Trzecia ligowa porażka z rzędu Piotrcovii, stała się faktem. Co gorsza, podopieczne Roberta Nowakowskiego, przegrały u siebie z teoretycznie słabszym AZS-em Wrocław. Piotrkowianki nie zachwyciły też stylem gry, co może szczególnie martwić kibiców i działaczy, zwłaszcza w kontekście kolejnych spotkań. Nie pewna jest też sytuacji trenera piotrkowianek. Na poniedziałek zwołane zostało zebranie zarządu, na którym ma zapaść decyzja o przyszłości Roberta Nowakowskiego.

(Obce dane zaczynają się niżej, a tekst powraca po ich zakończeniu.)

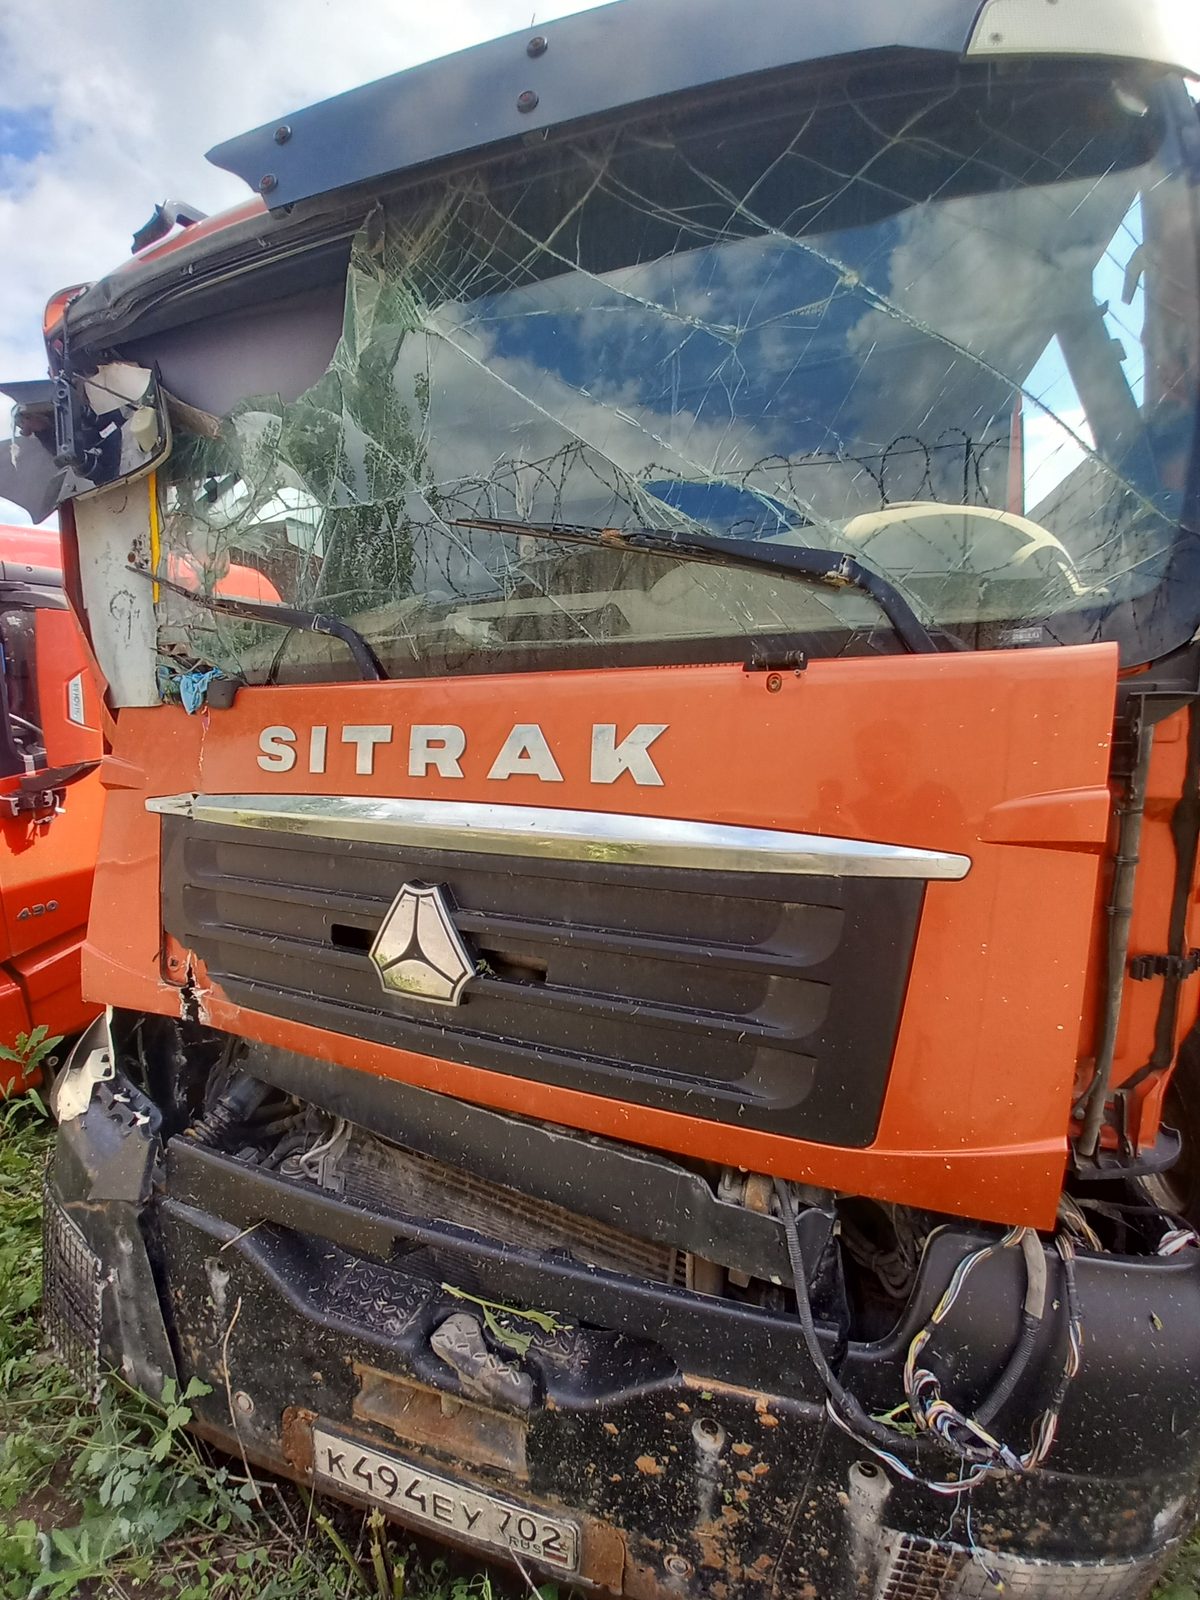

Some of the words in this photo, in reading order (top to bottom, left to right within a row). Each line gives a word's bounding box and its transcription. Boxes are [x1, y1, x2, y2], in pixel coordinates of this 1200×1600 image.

[256, 723, 670, 786] SITRAK
[499, 1507, 561, 1553] 702
[508, 1535, 542, 1554] RUS

Choć porażka w Lubinie z ekipą mistrzyń Polski, nie jest żadną ujmą, to aspirującej do medalu Politechnice Koszalin, nie wypada przegrywać tam różnicą aż 21 bramek. Tym czasem koszalinianki zostały wręcz zdruzgotane przez Zagłębie, a mecz rozstrzygnął się w zasadzie po 30 minutach. Zamiast hitu kolejki, kibice Miedziowych obejrzeli więc kolejny mecz "do jednej bramki". Takiej Politechniki Koszalin na pewno nie chcieliby więcej oglądać sympatycy Akademiczek.

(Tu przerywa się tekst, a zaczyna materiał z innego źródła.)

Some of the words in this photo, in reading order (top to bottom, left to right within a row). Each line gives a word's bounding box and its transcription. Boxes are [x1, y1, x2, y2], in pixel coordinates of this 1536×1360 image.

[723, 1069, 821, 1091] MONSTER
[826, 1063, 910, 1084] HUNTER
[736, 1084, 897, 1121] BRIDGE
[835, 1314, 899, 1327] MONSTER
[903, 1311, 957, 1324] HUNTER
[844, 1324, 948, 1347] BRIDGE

W Lubinie Politechnika była tylko tłem dla rozpędzonych szczypiornistek Zagłębia
W pozostałych meczach 6. kolejki PGNiG Superligi kobiet, KPR Jelenia Góra przegrał przed własną publicznością z liderem rozgrywek, SPR-em Lublin, a KSS Kielce również w meczu u siebie, uległ znacząco Vistalowi Łączpol Gdynia. Wysoka porażka kielczanek, w pełni odzwierciedla przebieg meczu, w którym podopieczne Thomasa Orneborga, były zespołem o klasę lepszym. W spotkaniu rozegranym awansem, Ruch Chorzów pewnie pokonał beniaminka ze Szczecina, SPR Pogoń Baltica.
Cytat kolejki: - Mój zespół popełnił w tym spotkaniu aż dwadzieścia błędów. Tak nie da się wygrać meczu. Ponownie raziliśmy nieskutecznością, co skrzętnie wykorzystał zespół z Wrocławia - powiedział po spotkaniu Piotrcovia - AZS Wrocław, trener Robert Nowakowski.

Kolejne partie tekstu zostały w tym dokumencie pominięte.